Ethereum deals with more than crypto currency – Ethereum decentralized applications, called Dapps which work on their own and together with the smart contracts in the platform.

Ether uses a smart contract, unlike Bitcoin which uses a distributed contract. In the smart contract, transactions will not only tracked but also programmed. The smart contract is more secure than the more widely used digital contracts and less expensive. The transactions are fast, and it keeps the associated costs low.  


Bitcoin was the first crypto currency and was created in 2009, as the digital gold. It has increased from 0.03 dollars pr. Bitcoin in 2010 to 32 dollars in 2013 – and now around 4300 dollars pr. bitcoin in September 2017. The developer wanted a reliable system in line with other currencies, but free of inflation, political intervention, and physical limits. There will be no more than 21 mill Bitcoins mined(created), so Bitcoins do not acquire the same risk of inflation as other currencies. 
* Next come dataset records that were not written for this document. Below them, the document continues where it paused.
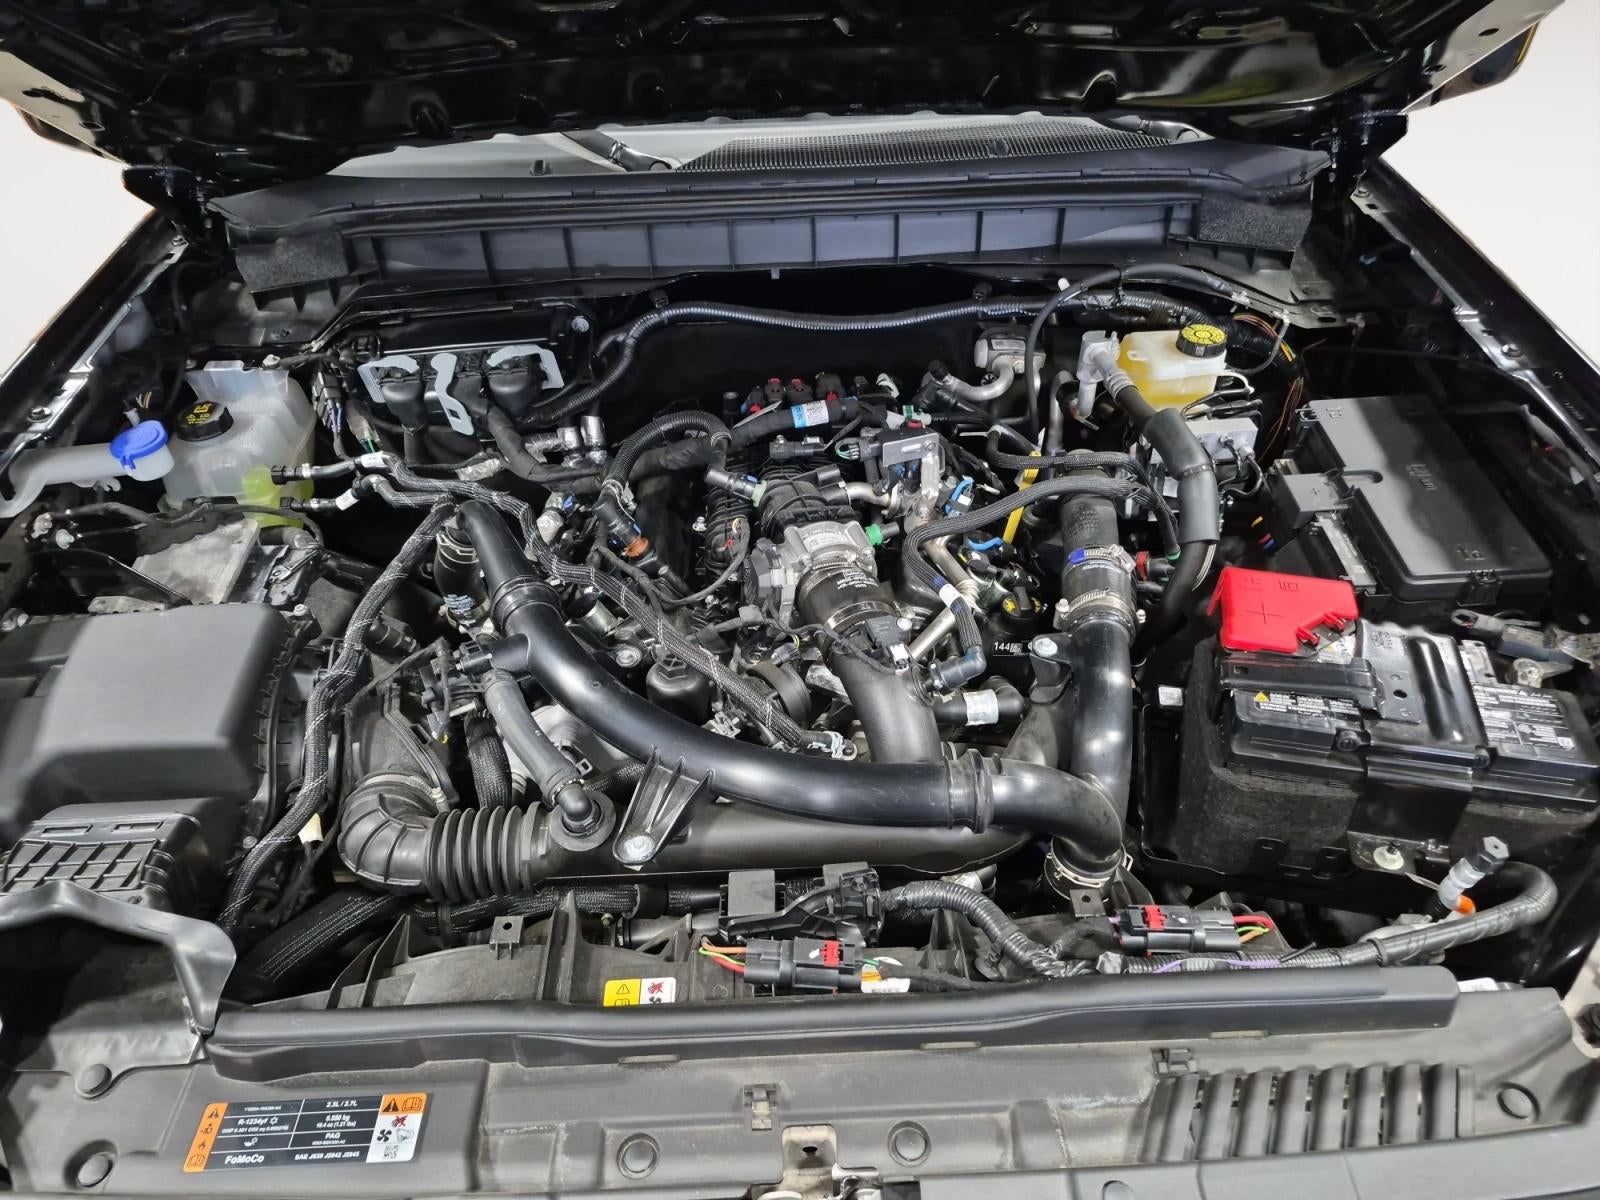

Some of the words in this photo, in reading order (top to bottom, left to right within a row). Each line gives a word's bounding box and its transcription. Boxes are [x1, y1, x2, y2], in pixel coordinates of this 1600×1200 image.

[237, 1117, 267, 1126] R-1234yf
[225, 1154, 264, 1164] FoMoCo
[294, 1153, 308, 1161] SAE
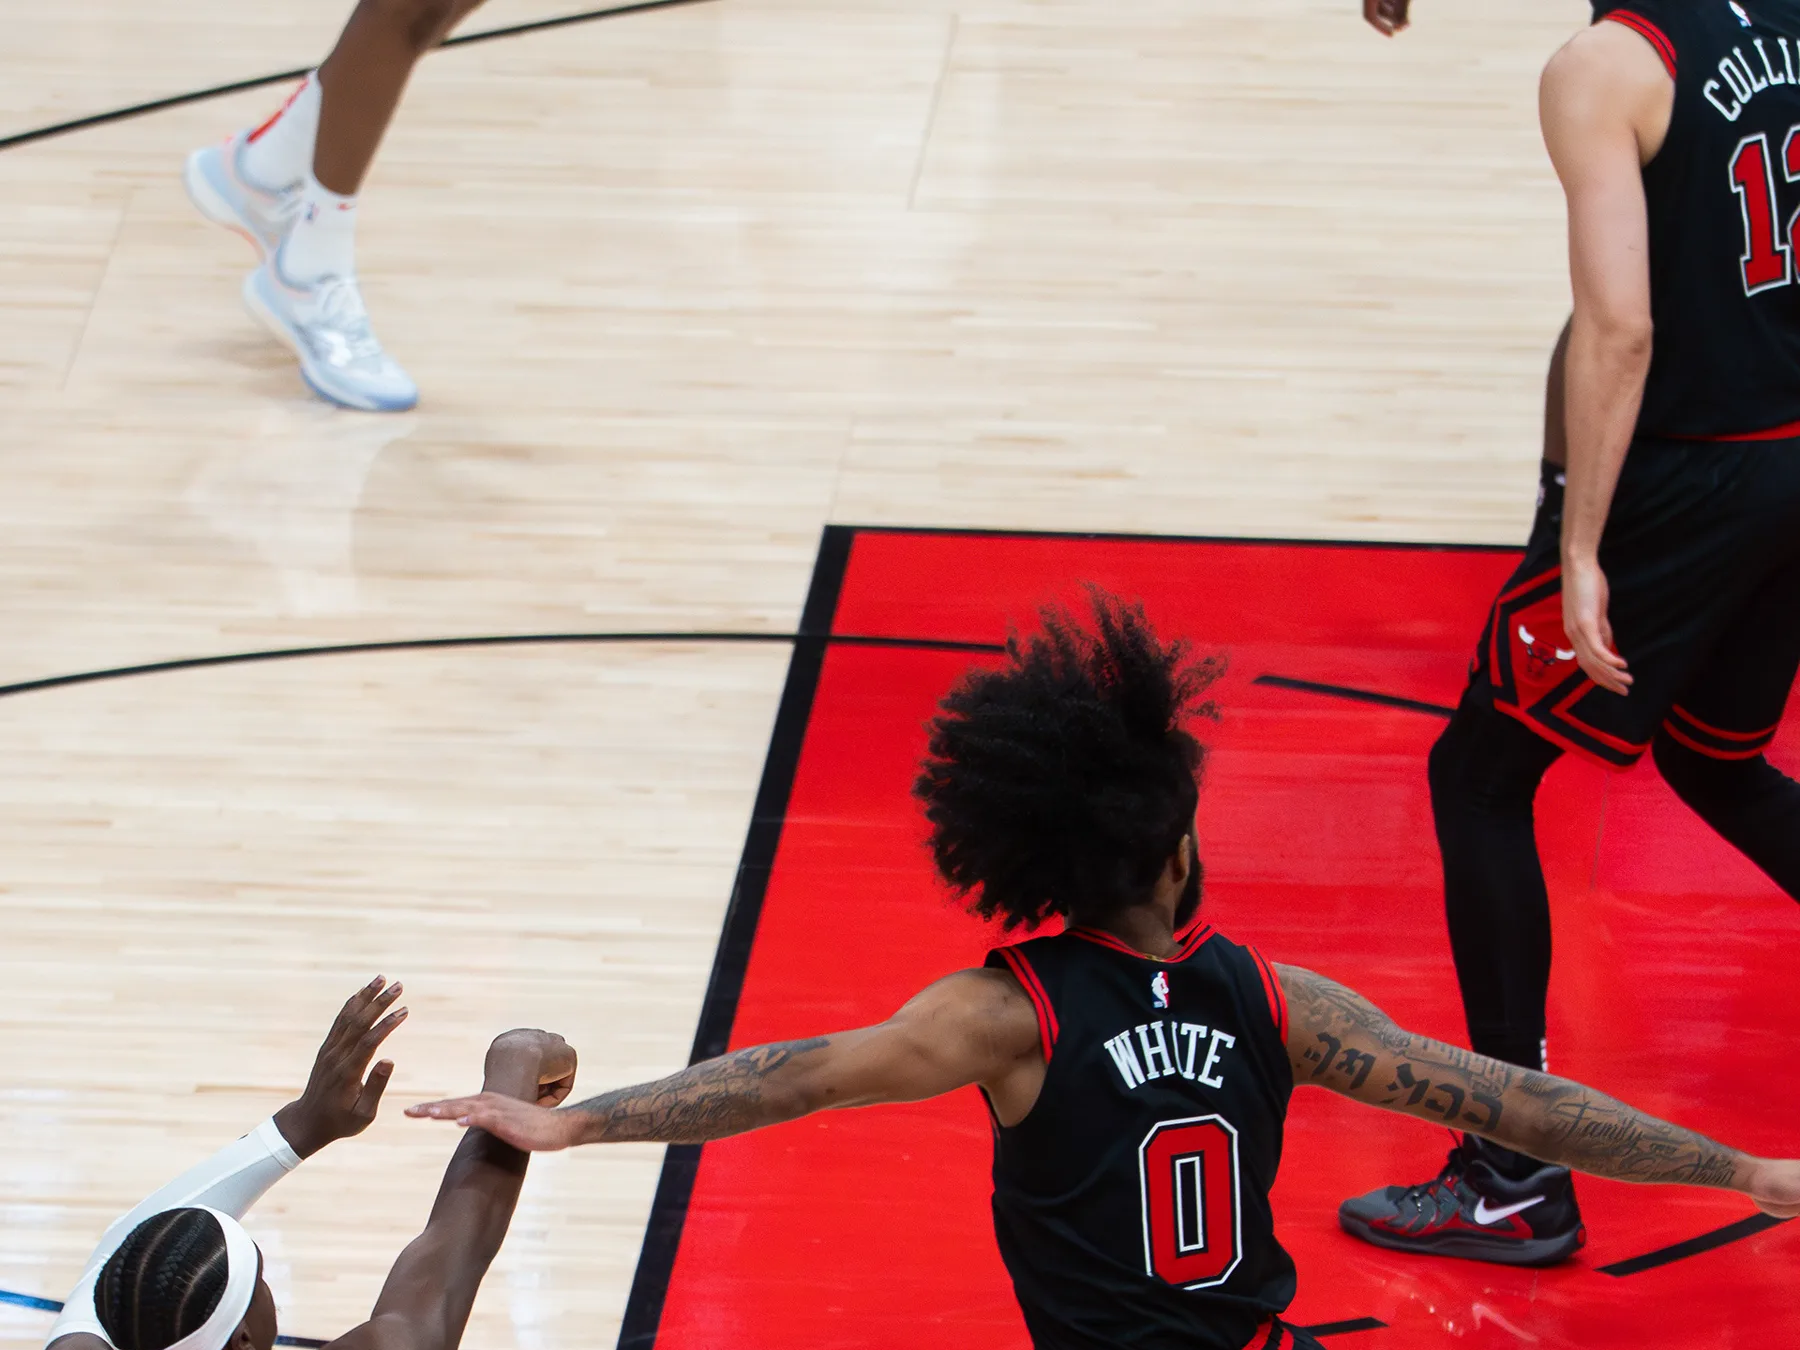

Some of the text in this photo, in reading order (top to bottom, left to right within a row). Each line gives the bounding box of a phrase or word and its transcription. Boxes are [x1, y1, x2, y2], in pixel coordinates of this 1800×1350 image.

[1703, 36, 1800, 121] COLLI
[1103, 1020, 1236, 1090] WHITE
[1139, 1113, 1242, 1291] 0
Benefits of the contracts are that blockchain offers a decentralized way to verify and control the transactions. The decentralized aspect makes it almost impossible to defraud the system.  

By using Ethereum is it possible to create new digital tokens, that can represent virtual stocks.  

Ethereum has its own “Turing complete” programing language, which is a code that gives the ability to implement sophisticated logic. Bitcoin is not that flexible.  

Ethereum’s blockchain is designed to be programmable, it’s similar to Bitcoin’s blockchain, but it is created to make it easy to program information in the contract. The contracts can solve computational problems in the system.   

Bitcoin was invented by an unknown programmer and released, Ethereum is crowd funded.    


Bitcoin Benefits: Known, popular and widespread, no inflation, only a digital currency, high security. 

Ethereum Benefits: Advanced blockchain that can be expanded, complete computer language, fast transfer.  

The two crypto currencies are based on the same technology. Bitcoin is designed to be robust, while Ethereum more flexible. 

Ethereum provides smart contracts that perform automatic transfers, but flexibility and smart contracts can be a weakness for Ethereum too. The smart contract technology adds vulnerability to the system which could be attacked.